(Collected data)
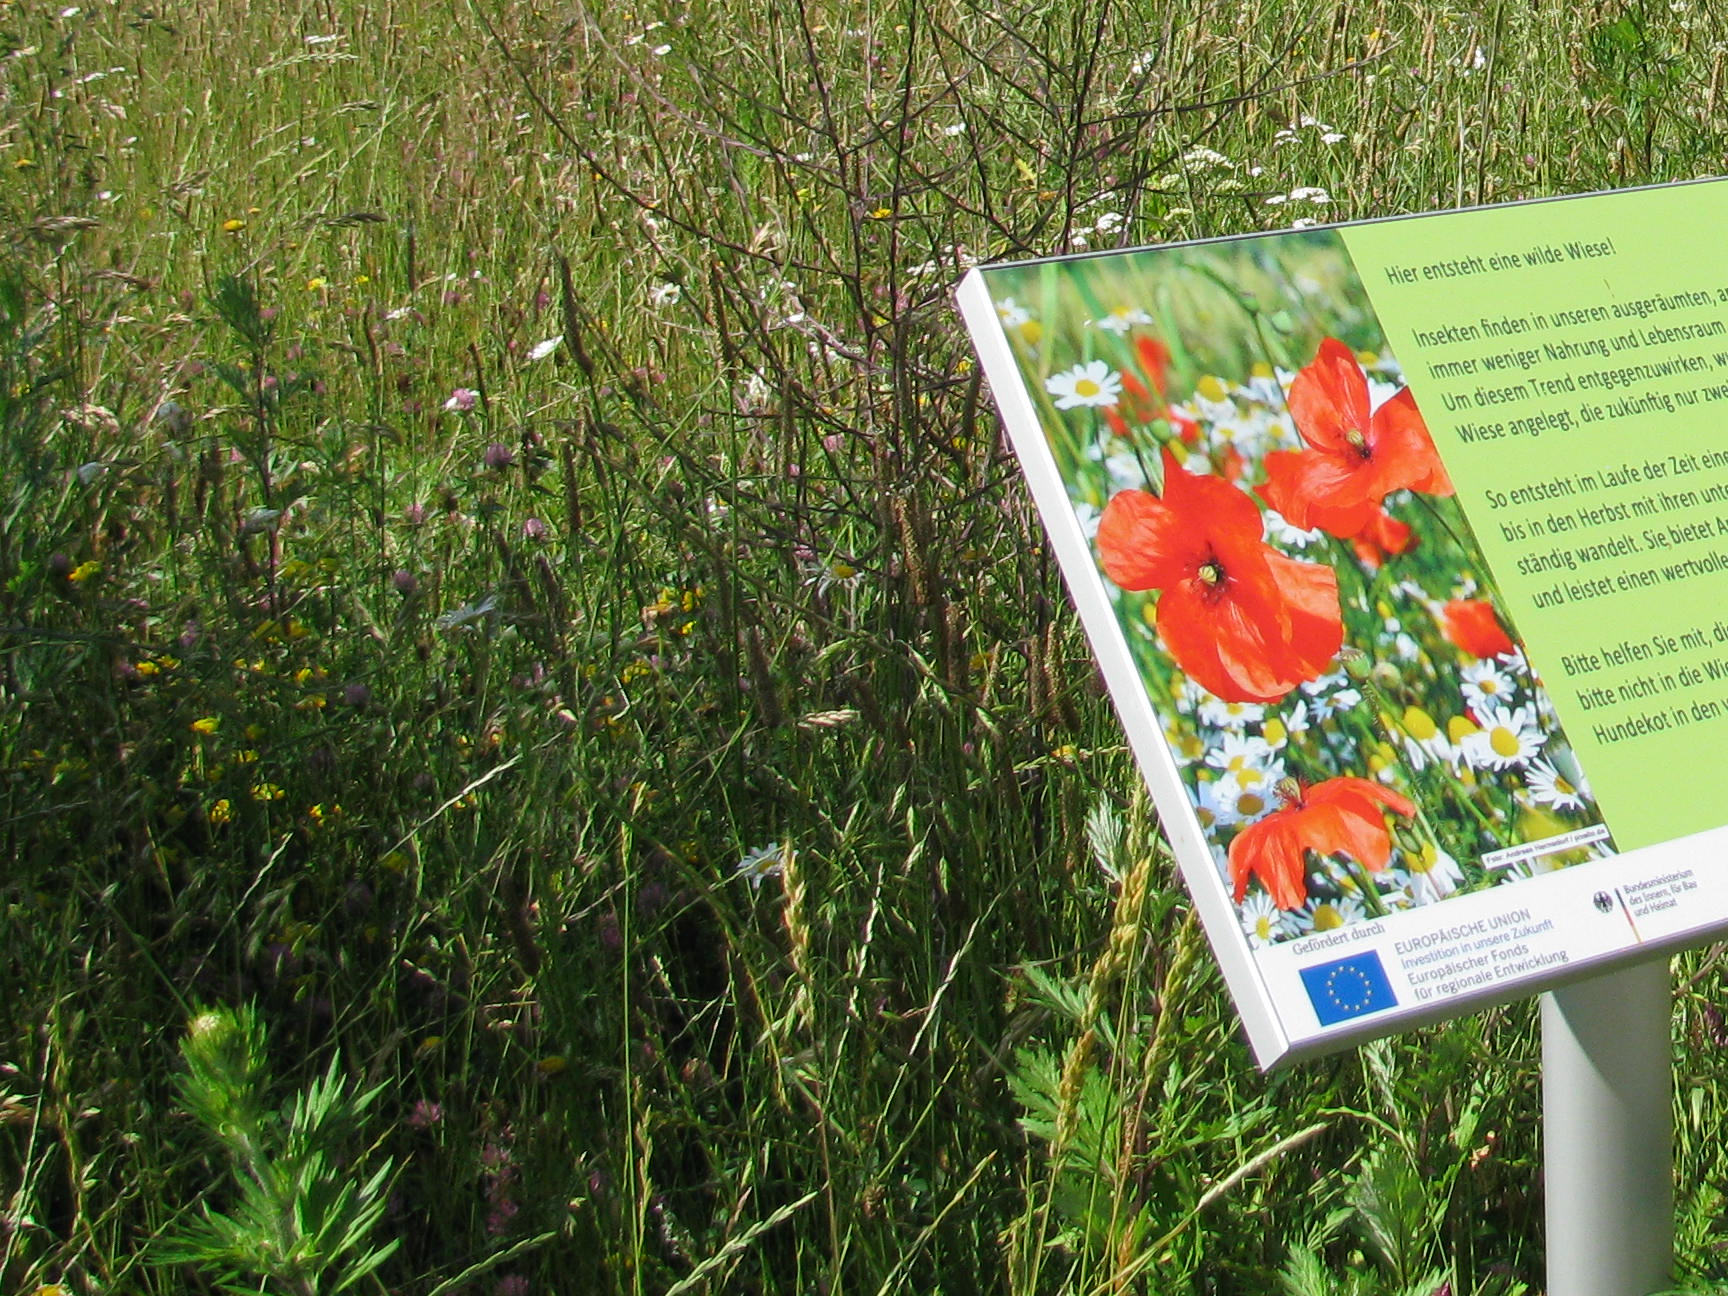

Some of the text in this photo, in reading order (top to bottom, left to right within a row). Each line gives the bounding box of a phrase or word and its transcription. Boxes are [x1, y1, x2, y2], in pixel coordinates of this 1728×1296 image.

[1385, 237, 1617, 285] Hier entsteht eine wilde Wiese!
[1412, 325, 1481, 348] Insekten
[1481, 316, 1532, 338] finden
[1530, 313, 1549, 331] in
[1550, 307, 1611, 328] unseren
[1611, 291, 1717, 320] ausgeräumten,
[1427, 359, 1479, 380] immer
[1481, 348, 1542, 372] weniger
[1543, 339, 1611, 362] Nahrung
[1610, 329, 1641, 352] und
[1441, 393, 1473, 412] Um
[1474, 386, 1530, 407] diesem
[1528, 373, 1576, 398] Trend
[1578, 354, 1714, 391] entgegenzuwirken,
[1455, 423, 1507, 444] Wiese
[1508, 409, 1580, 437] angelegt,
[1580, 403, 1606, 423] die
[1606, 392, 1676, 419] zukünftig
[1674, 390, 1700, 407] nur
[1486, 490, 1508, 510] So
[1510, 477, 1577, 505] entsteht
[1575, 474, 1599, 493] im
[1597, 464, 1643, 489] Laufe
[1643, 460, 1668, 481] der
[1668, 454, 1702, 476] Zeit
[1500, 521, 1527, 543] bis
[1525, 519, 1546, 538] in
[1547, 513, 1578, 534] den
[1576, 502, 1632, 528] Herbst
[1631, 496, 1660, 518] mit
[1657, 492, 1700, 512] ihren
[1517, 548, 1578, 576] ständig
[1575, 534, 1644, 564] wandelt.
[1643, 530, 1672, 551] Sie
[1667, 520, 1716, 545] bietet
[1533, 584, 1565, 609] und
[1563, 576, 1617, 602] leistet
[1617, 570, 1661, 592] einen
[1562, 654, 1602, 677] Bitte
[1600, 642, 1654, 668] helfen
[1653, 635, 1680, 657] Sie
[1680, 628, 1713, 650] mit,
[1576, 688, 1618, 711] bitte
[1618, 676, 1660, 702] nicht
[1657, 672, 1678, 692] in
[1679, 666, 1704, 688] die
[1592, 711, 1673, 745] Hundekot
[1670, 707, 1690, 727] in
[1691, 700, 1722, 722] den
[1623, 870, 1694, 895] Bundesministerium
[1630, 881, 1698, 906] des Innern, für Bau
[1635, 899, 1678, 917] und Heimat
[1293, 923, 1386, 955] Gefördert durch
[1395, 910, 1531, 955] EUROPÄISCHE UNION
[1401, 920, 1554, 970] Investition in unsere Zukunft
[1408, 945, 1529, 986] Europäischer Fonds
[1415, 951, 1570, 1001] für regionale Entwicklung

▸ **Problem**: Work out how many lines of the records contain the string "entsteht". Nothing but the number should be written.

▸ **Written reply**: 2